Passage of human amyloid β-protein 1–40 across the murine blood-brain barrier

Abstract

Previous studies have suggested that the amyloid β-protein present in the brains of patients with Alzheimer's disease may be derived in part from peripheral blood. We determined that after IV injection of synthetic amyloid β-protein 1–40 (Aβ), labeled with radioactive ¹²⁵I(I-Aβ), radioactivity accumulated in the brains of mice by a nonsaturable mechanism. Radioactivity also accumulated in the brain after the IV injection of radioiodinated reverse amyloid β-protein 40-1 (I-rAβ). Capillary depletion techniques, however, showed I-Aβ to have a much greater degree of association with brain capillaries than I-rAβ. Acid precipitation of radioactivity in CSF samples and recovery from cortical homogenates suggested the presence of intact I-Aβ within the CNS after peripheral administration.
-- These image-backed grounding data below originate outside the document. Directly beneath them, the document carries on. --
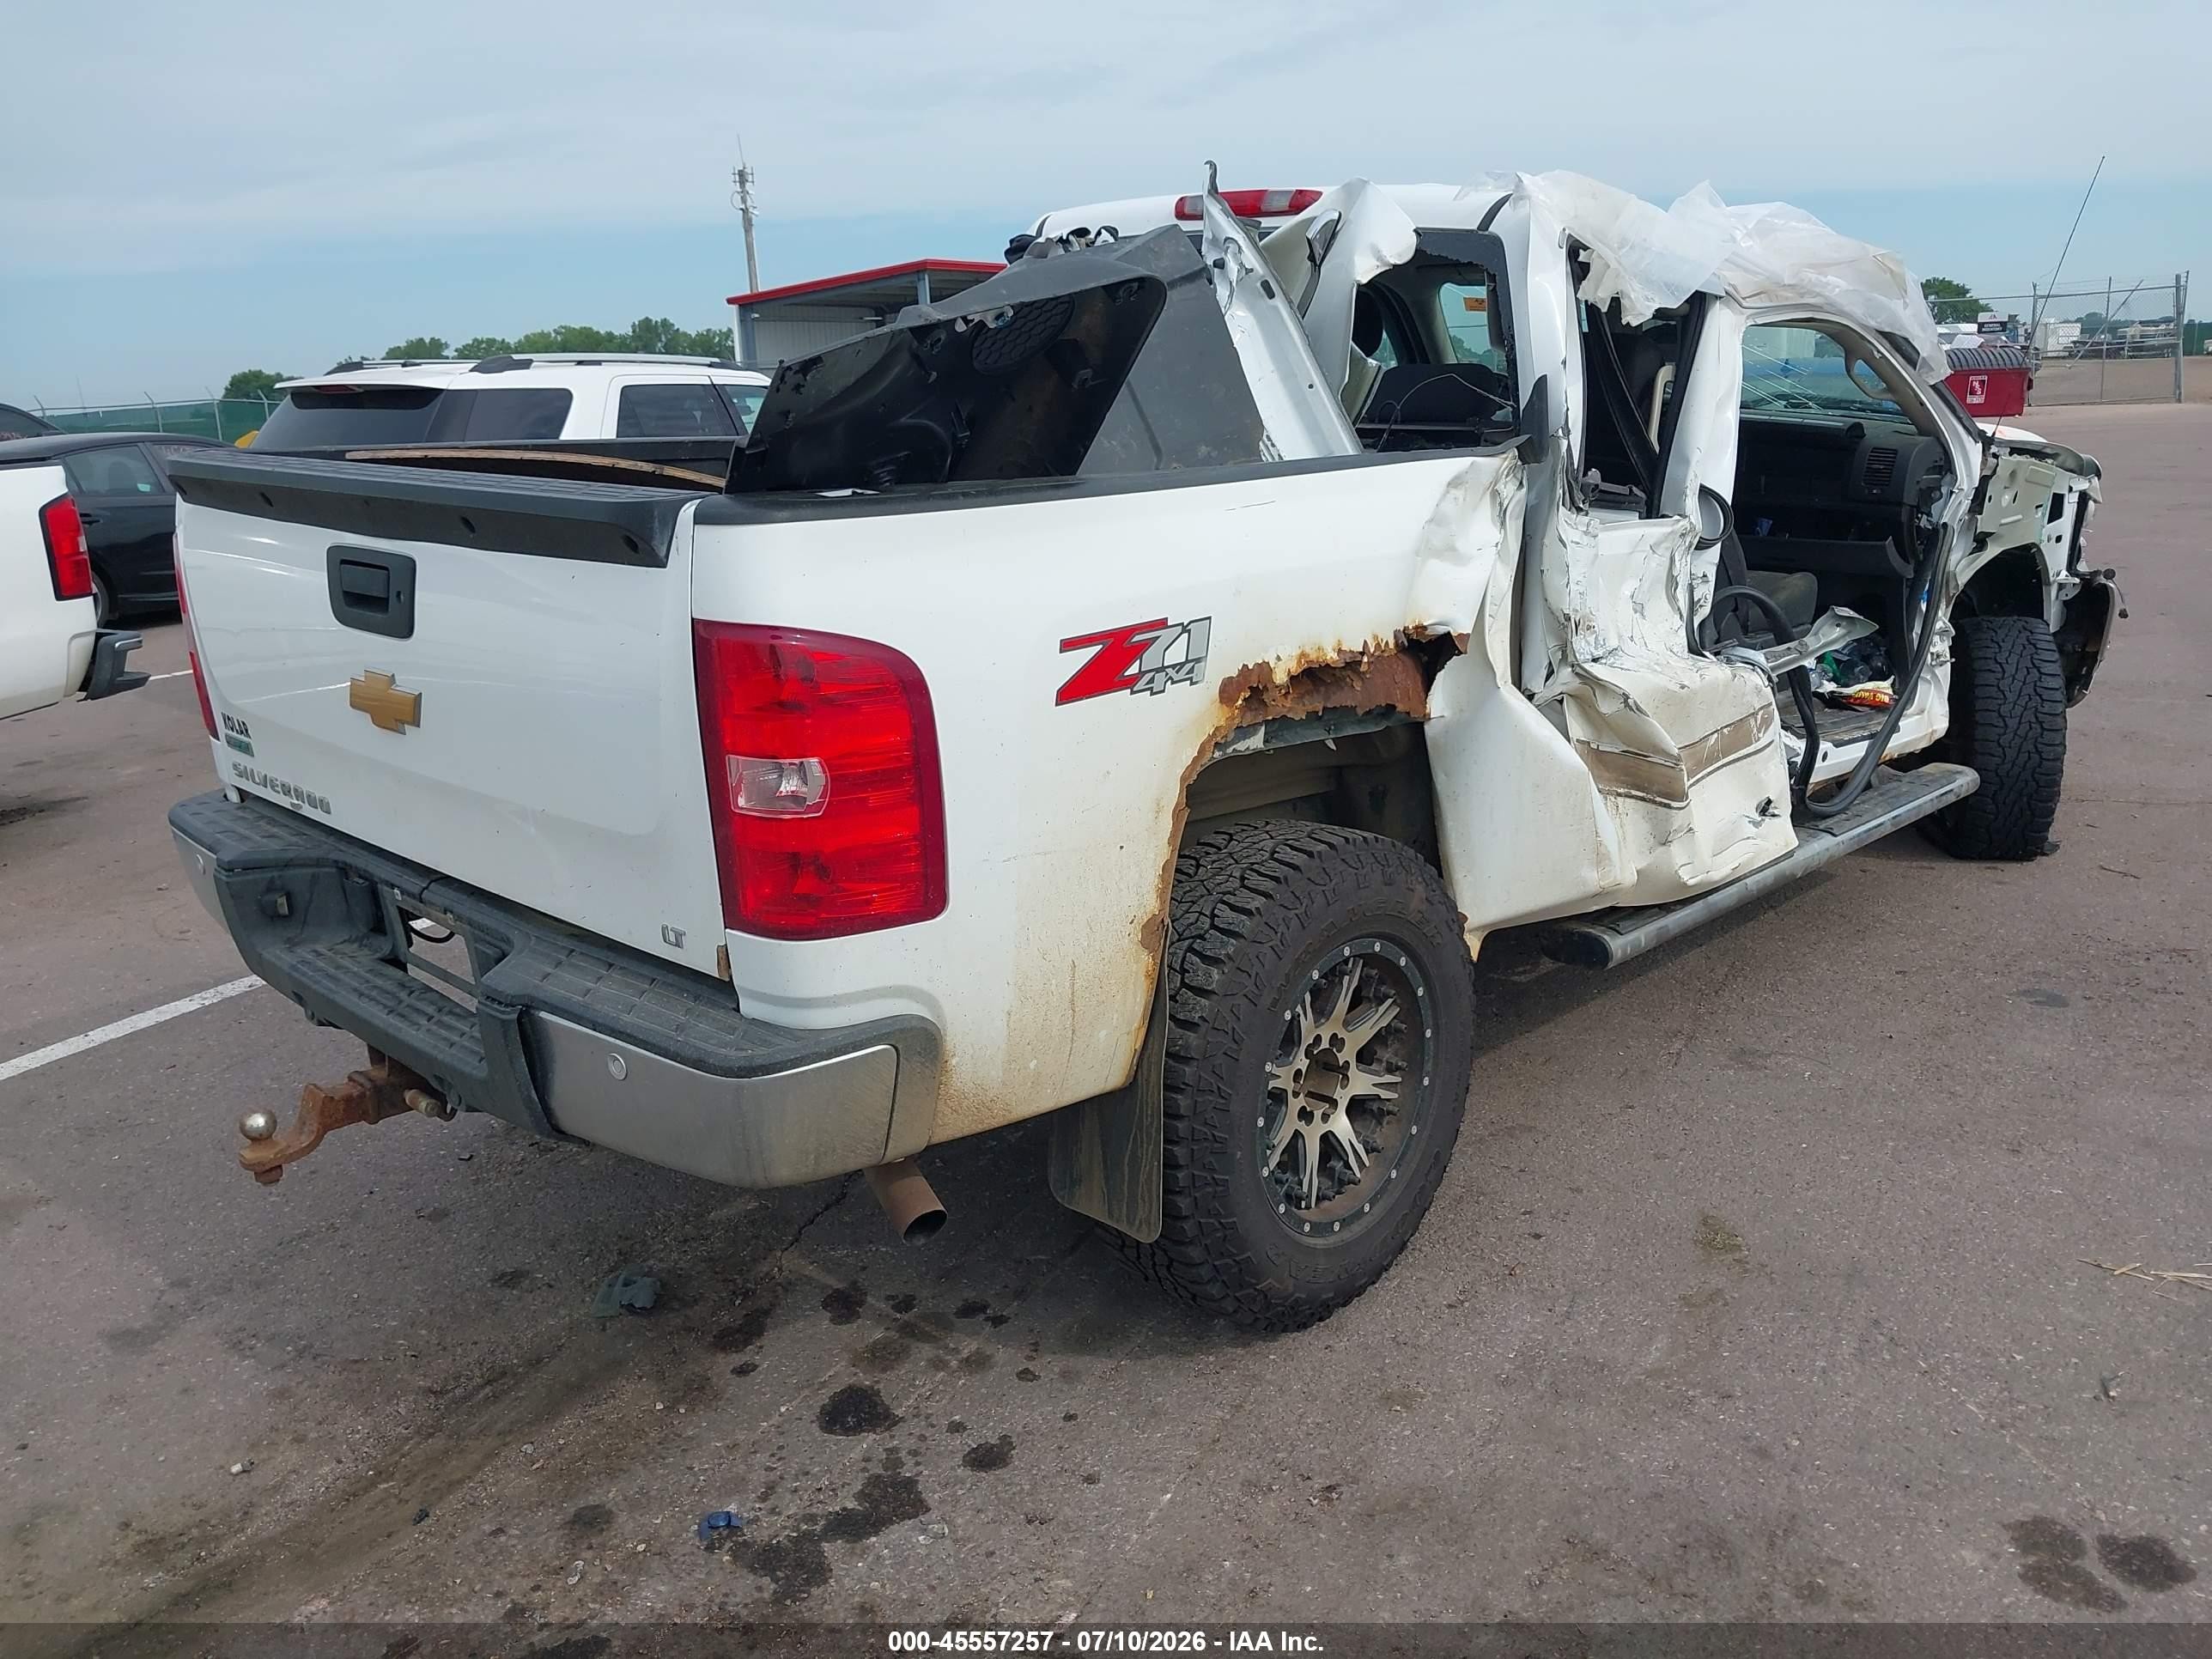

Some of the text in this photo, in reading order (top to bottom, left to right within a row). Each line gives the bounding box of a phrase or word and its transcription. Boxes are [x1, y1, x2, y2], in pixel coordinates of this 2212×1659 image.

[1055, 616, 1212, 707] Z71
[221, 712, 251, 739] KOLAR
[233, 762, 331, 814] SILVERADO
[661, 924, 686, 949] LT
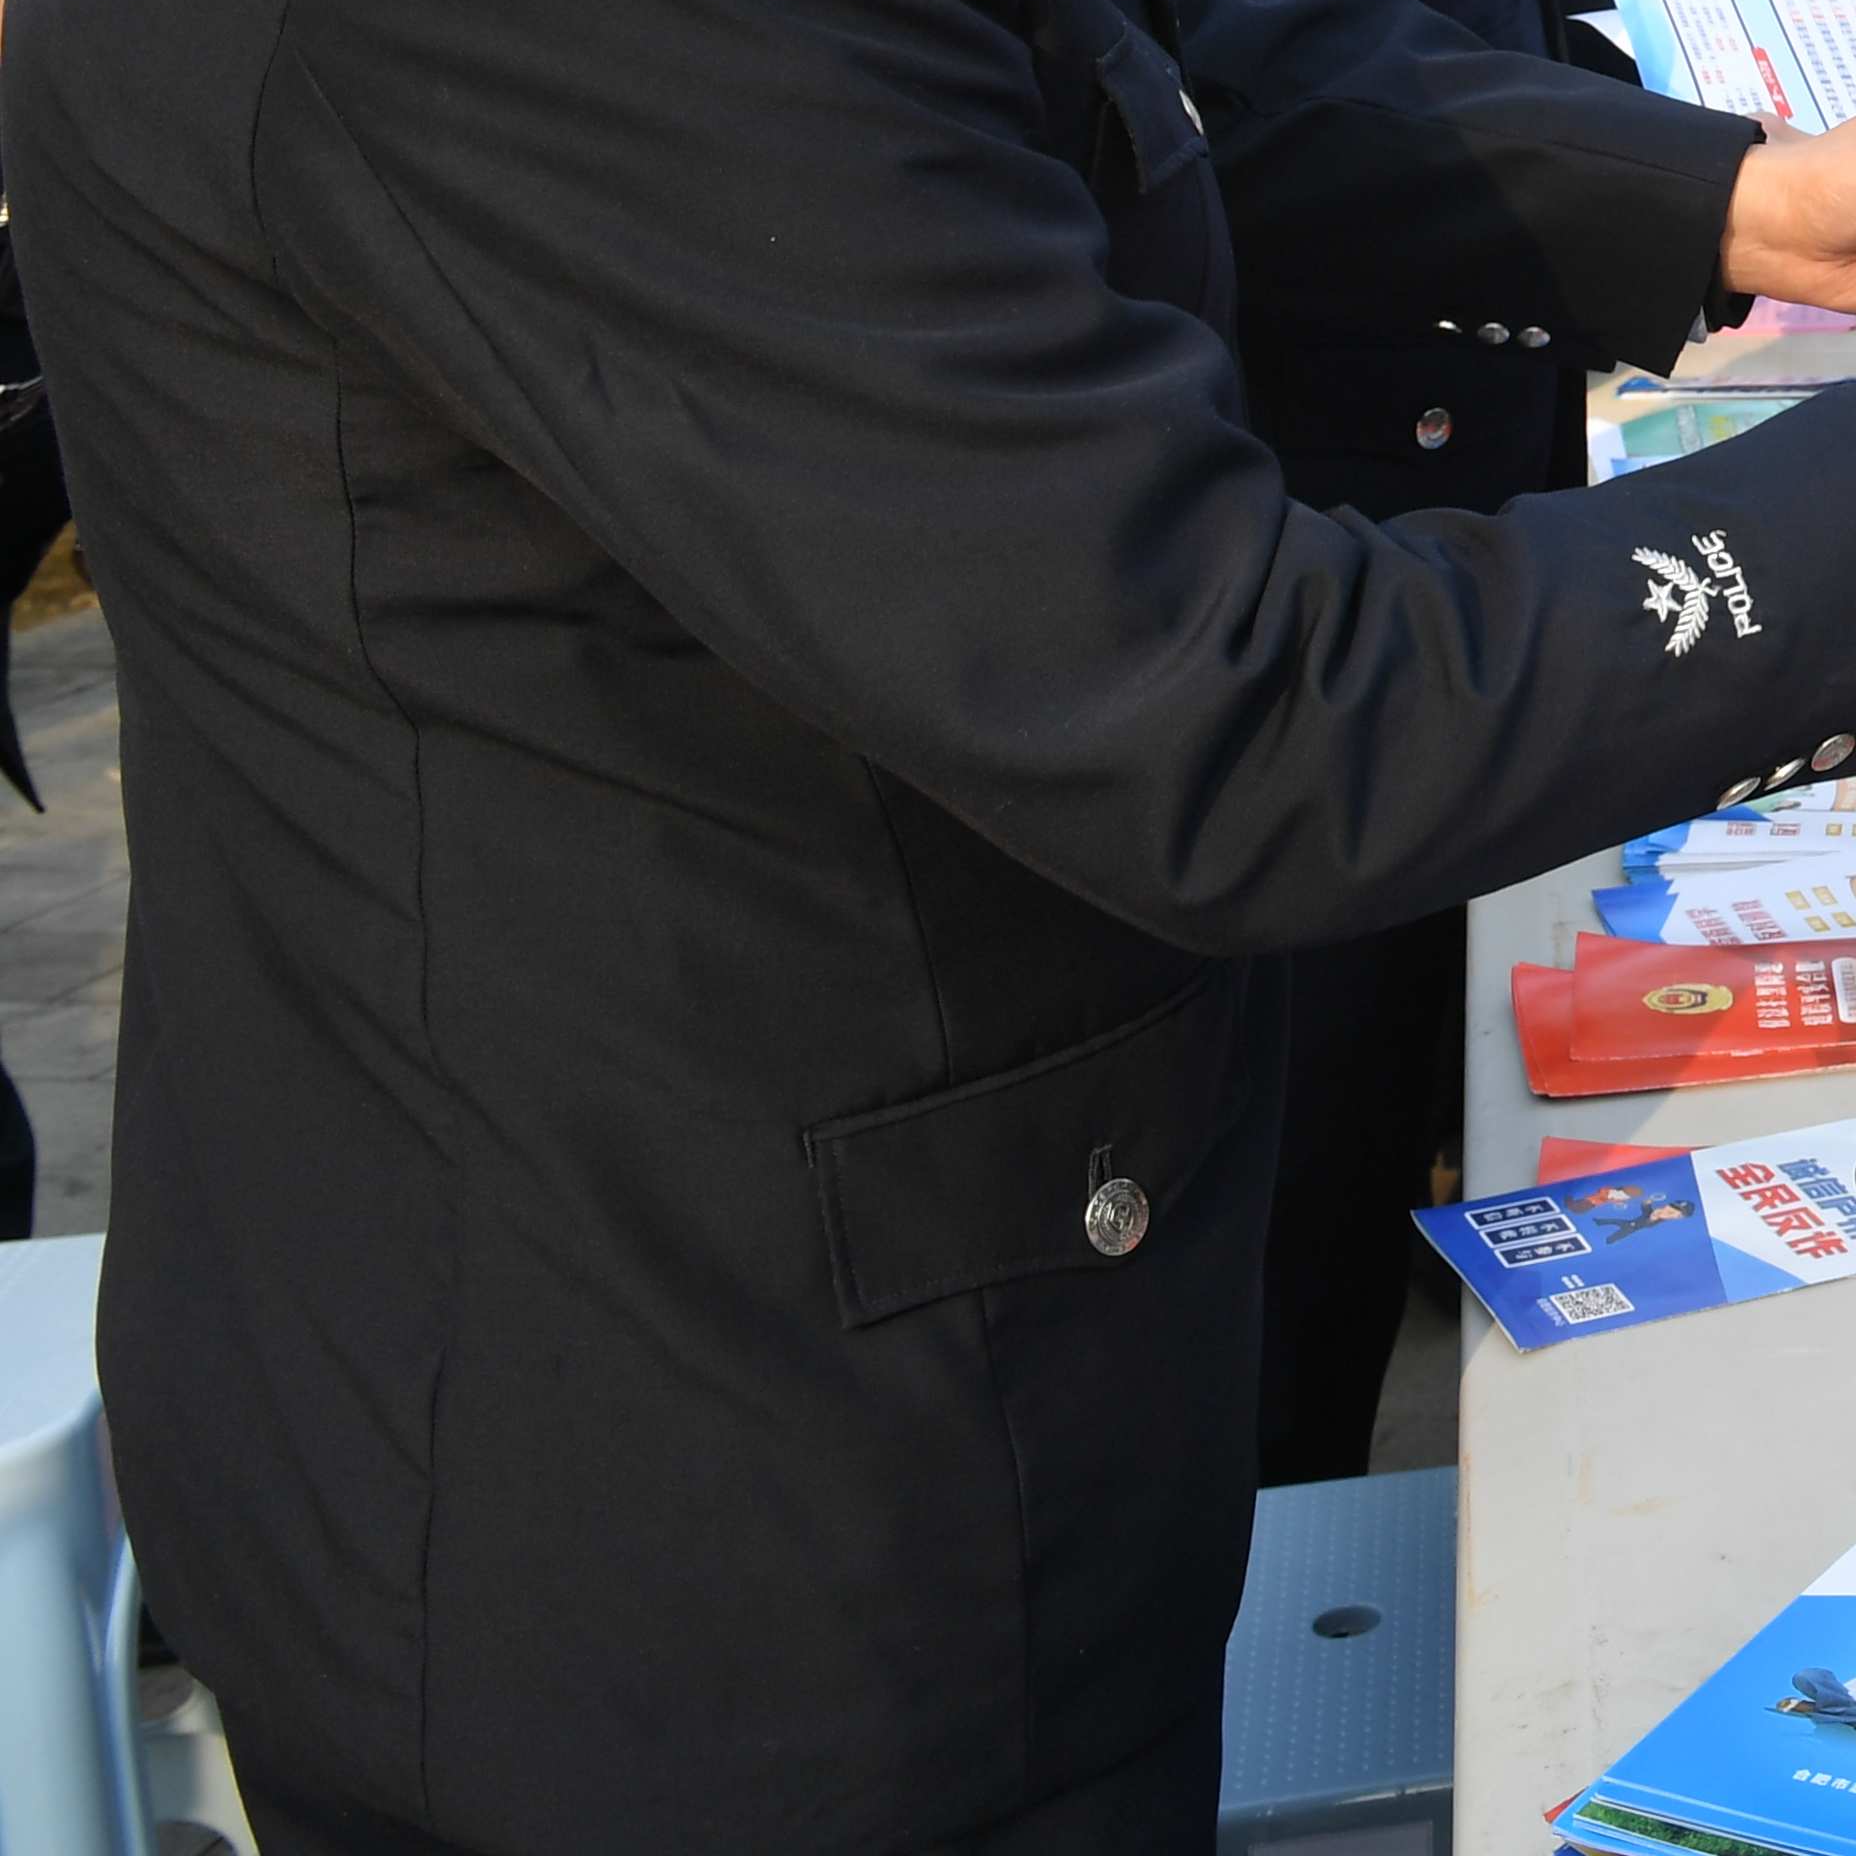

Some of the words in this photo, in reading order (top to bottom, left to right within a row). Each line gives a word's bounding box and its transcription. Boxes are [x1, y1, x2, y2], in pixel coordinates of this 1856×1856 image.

HPLC analysis of cortical homogenates confirmed the presence of intact I-Aβ. Gel electrophoresis of the CSF acid precipitates and of the HPLC fractions further verified the presence of intact blood-derived I-Aβ peptide in CNS. These results suggest that endogenous bloodborne Aβ can enter the CNS after associating with the capillary endothelium to accumulate intact within the parenchymal and CSF spaces of the brain.